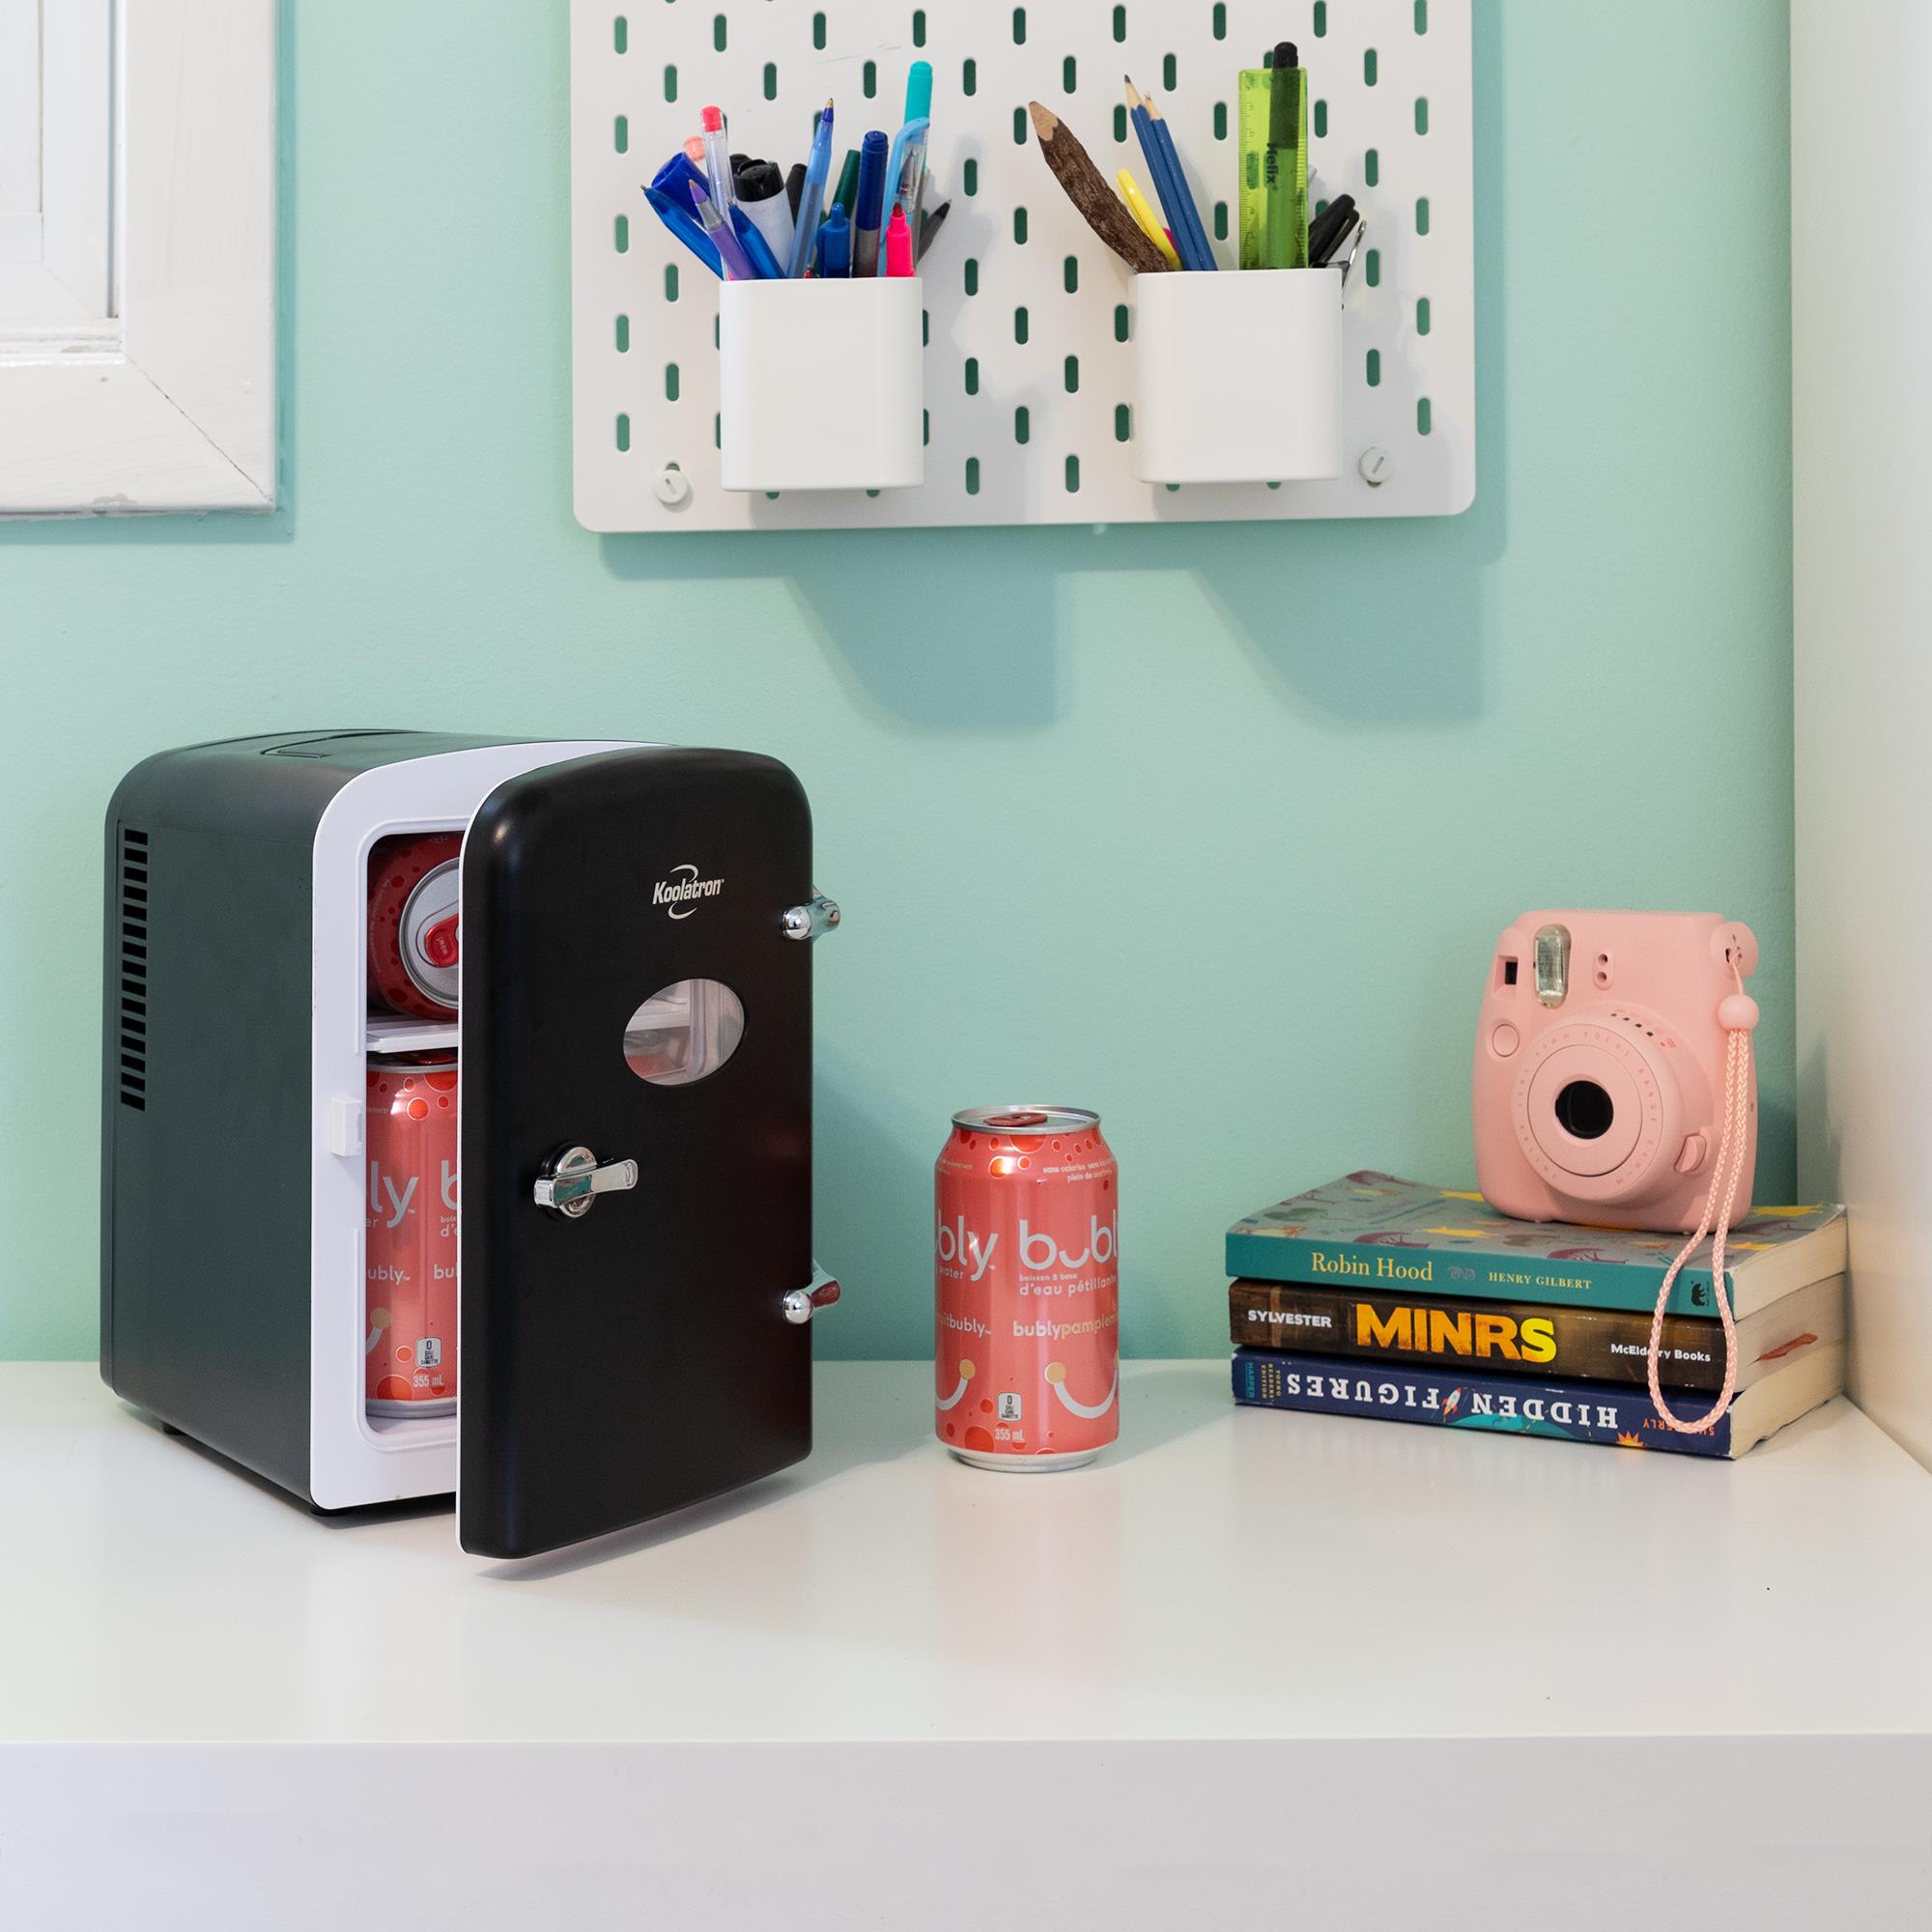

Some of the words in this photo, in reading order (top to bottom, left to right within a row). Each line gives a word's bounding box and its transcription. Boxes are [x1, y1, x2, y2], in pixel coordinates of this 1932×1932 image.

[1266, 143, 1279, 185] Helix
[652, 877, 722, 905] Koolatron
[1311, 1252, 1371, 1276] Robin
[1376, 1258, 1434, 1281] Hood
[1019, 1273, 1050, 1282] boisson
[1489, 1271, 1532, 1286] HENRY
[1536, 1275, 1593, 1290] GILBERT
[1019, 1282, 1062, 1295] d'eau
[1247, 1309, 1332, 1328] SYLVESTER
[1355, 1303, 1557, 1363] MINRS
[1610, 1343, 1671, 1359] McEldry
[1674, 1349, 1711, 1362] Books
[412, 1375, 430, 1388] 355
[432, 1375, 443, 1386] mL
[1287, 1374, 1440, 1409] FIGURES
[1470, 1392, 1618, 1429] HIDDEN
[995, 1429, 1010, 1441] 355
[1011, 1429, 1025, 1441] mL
+-------+
- [Task requirements]:
Leave the images aside and transcribe all entries exactly.

- [Task output]:
Some of the words in this photo, in reading order (top to bottom, left to right within a row). Each line gives a word's bounding box and its transcription. Boxes are [x1, y1, x2, y2], in pixel coordinates of this 1932×1932 image.

[1266, 143, 1279, 185] Helix
[652, 877, 722, 905] Koolatron
[1311, 1252, 1371, 1276] Robin
[1376, 1258, 1434, 1281] Hood
[1019, 1273, 1050, 1282] boisson
[1489, 1271, 1532, 1286] HENRY
[1536, 1275, 1593, 1290] GILBERT
[1019, 1282, 1062, 1295] d'eau
[1247, 1309, 1332, 1328] SYLVESTER
[1355, 1303, 1557, 1363] MINRS
[1610, 1343, 1671, 1359] McEldry
[1674, 1349, 1711, 1362] Books
[412, 1375, 430, 1388] 355
[432, 1375, 443, 1386] mL
[1287, 1374, 1440, 1409] FIGURES
[1470, 1392, 1618, 1429] HIDDEN
[995, 1429, 1010, 1441] 355
[1011, 1429, 1025, 1441] mL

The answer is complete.